◆ **ASSIGNMENT**
Return all entries precisely as they stand, without the images.
** Opening INPUT block **
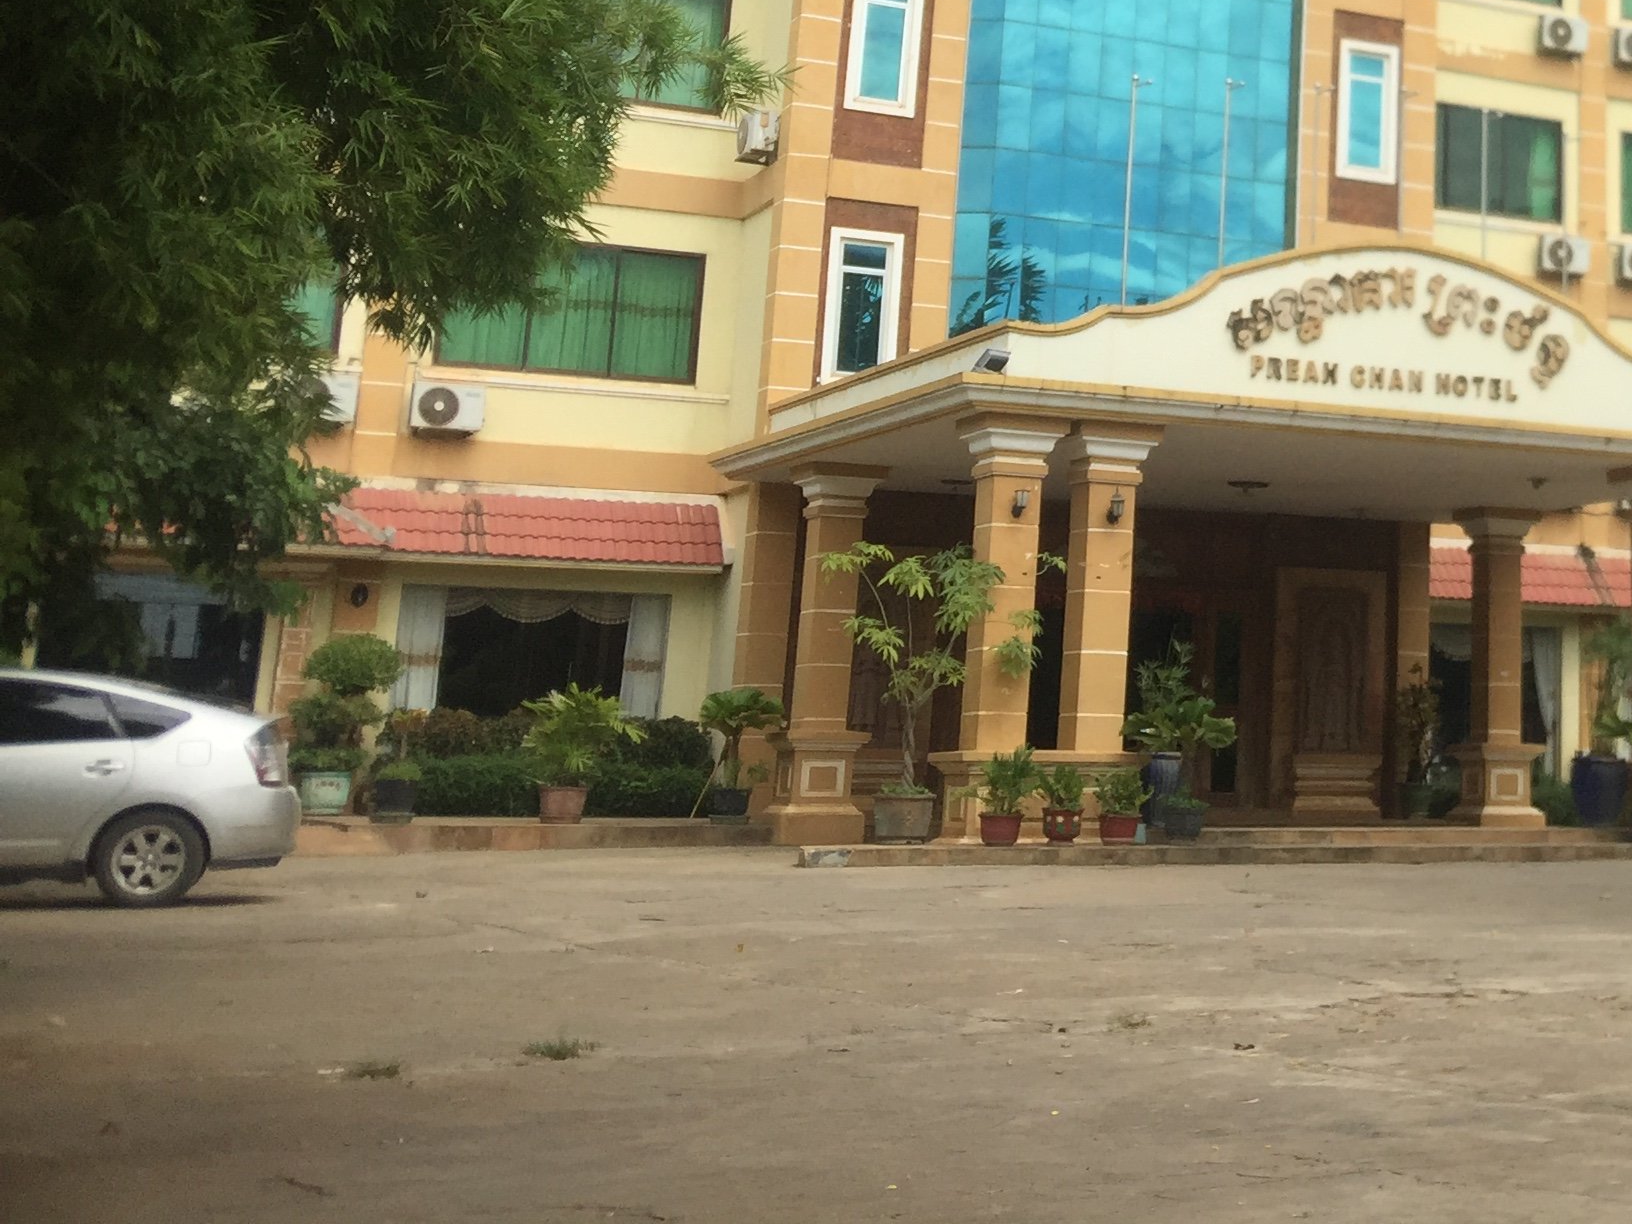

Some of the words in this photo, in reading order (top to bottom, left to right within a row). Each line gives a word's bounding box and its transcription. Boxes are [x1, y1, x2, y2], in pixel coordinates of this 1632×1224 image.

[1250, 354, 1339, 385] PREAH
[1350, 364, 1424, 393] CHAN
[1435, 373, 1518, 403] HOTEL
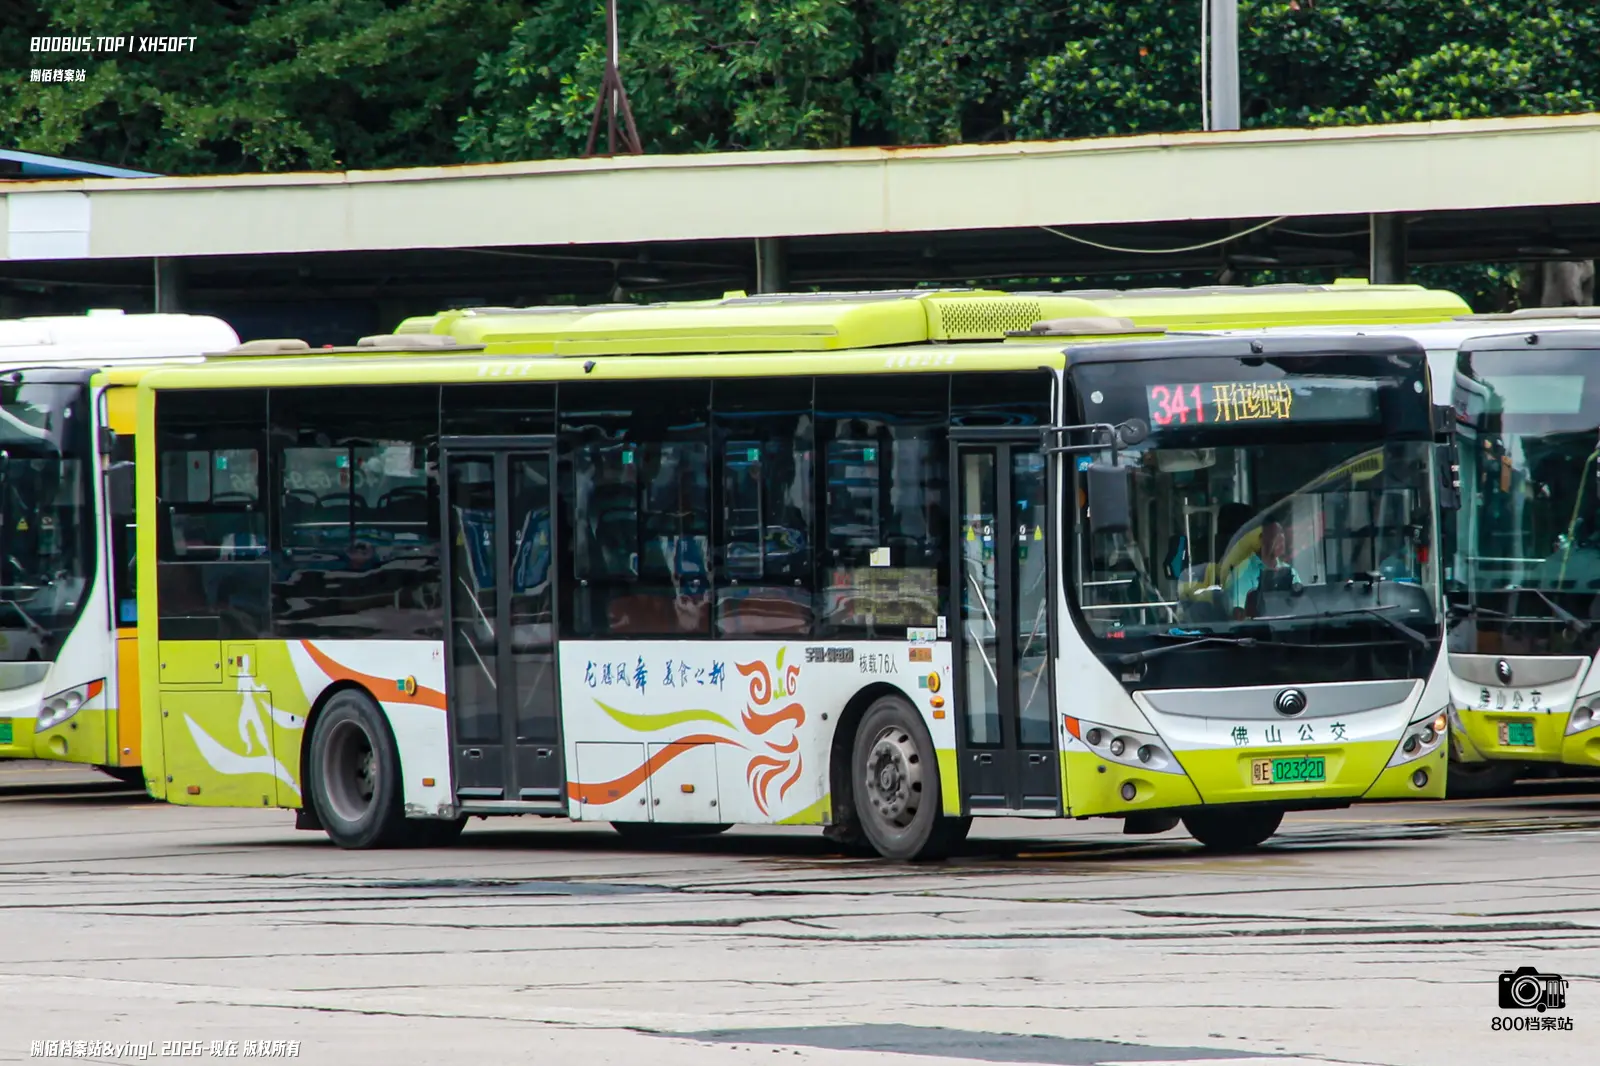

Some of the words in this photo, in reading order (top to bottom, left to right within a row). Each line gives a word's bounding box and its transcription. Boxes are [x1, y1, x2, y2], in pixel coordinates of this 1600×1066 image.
** Closing INPUT block **
◆ **SOLUTION TO THIS TASK**
Some of the words in this photo, in reading order (top to bottom, left to right within a row). Each line gives a word's bounding box and its transcription. Boxes are [x1, y1, x2, y2], in pixel coordinates of this 1632×1224 image.

[1250, 354, 1339, 385] PREAH
[1350, 364, 1424, 393] CHAN
[1435, 373, 1518, 403] HOTEL

Some of the words in this photo, in reading order (top to bottom, left to right within a row). Each line gives a word's bounding box and its transcription. Boxes are [x1, y1, x2, y2], in pixel coordinates of this 1600×1066 image.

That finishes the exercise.